The Burmese Scarlet-backed Flower-pecker.
Nectarinia ignita Begbie, Malay Pen.", p, 518 (1834) (Malay Peninsula). Dicaeum cruentatum. Blanf. & Oates, ii, p. 370 (part).
Vernacular names. None recorded.
Description. Only differs from the preceding bird in being less buff on the lower surface, more especially in the females. The individual variation in this respect is very great, but in no females from Burma southwards does the under surface of the females approach the uniform deep buff of the few females available for comparison from the type-locality of D. c. cruentatum. As one works farther South the tone of the lower plumage becomes less buff and more grey, Javan and Sumatran birds being wholly grey below and generally easily separable.
Colours of soft parts as in the preceding bird.
Measurements. Wing 45 to 50 mm.
Distribution. The whole of Burma except the Northern Chin Hills; Shan States, Malay Peninsula to Java and Sumatra.
Nidification. Oates found this Flower-pecker breeding in some numbers in Pegu, making their nests, similar to those of the Indian Scarlet-backed Flower-pecker, high up in trees, very frequently in Mango trees.
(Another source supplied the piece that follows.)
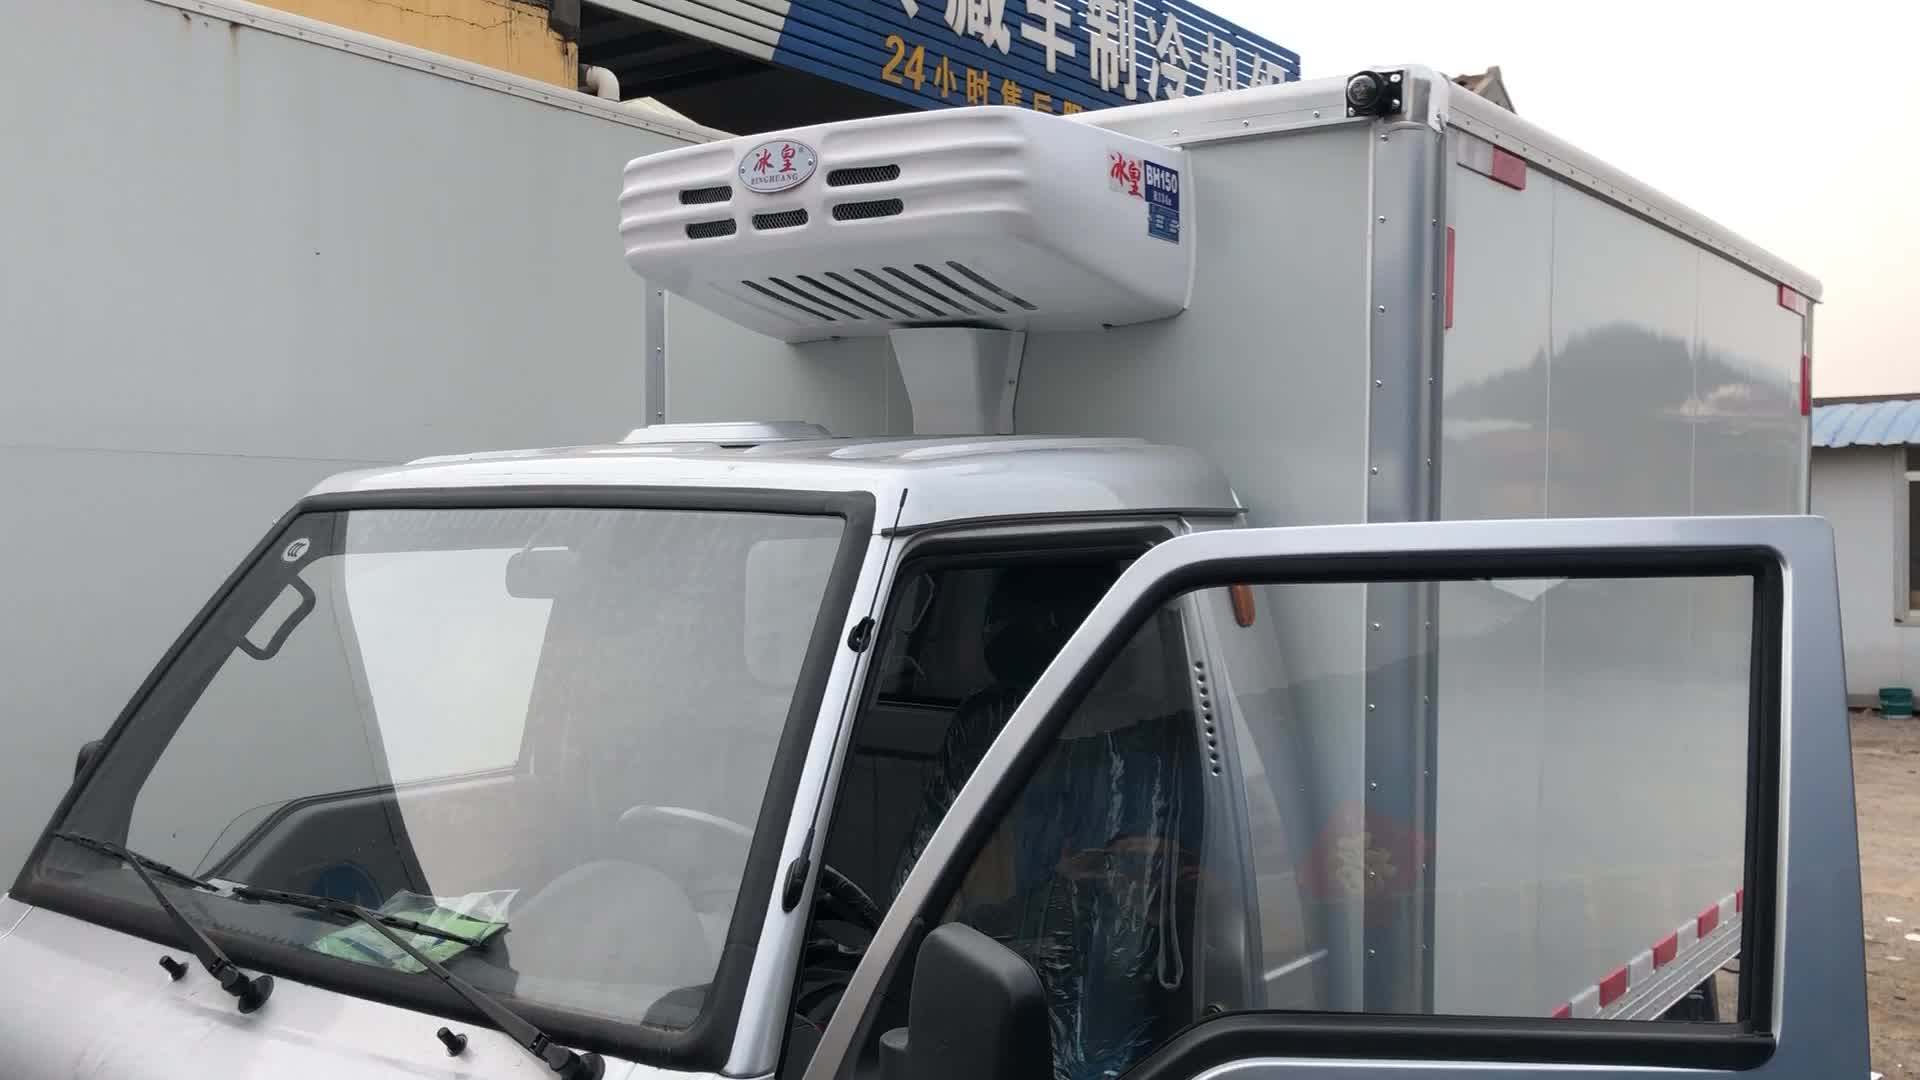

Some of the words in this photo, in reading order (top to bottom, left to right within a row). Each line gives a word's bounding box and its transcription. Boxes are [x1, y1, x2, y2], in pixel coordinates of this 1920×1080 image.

[753, 144, 797, 175] 冰皇
[1110, 151, 1144, 198] 冰皇
[1146, 164, 1178, 193] BH150
He remarks on the skill with which the nest is concealed under the drooping leaves, a skill shown equally well by almost every member of this genus. Oates also says that in the Burmese bird the exterior of the nest is often, decorated with a few oddments such as excretae of caterpillars small dry blossoms etc. This is a feature I have never seen in the nest of the Indian bird. The breeding-season is from February to the middle of April. The eggs taken by Oates vary in length between 14.0 and 16.7 mm., and in breadth between 9*7 and 10.7 mm. One egg in my collection is still smaller and measures only 13.1 x 10.6 mm.
Habits. Similar to those of the preceding race and, like that bird, ascends the hills to about the same elevation.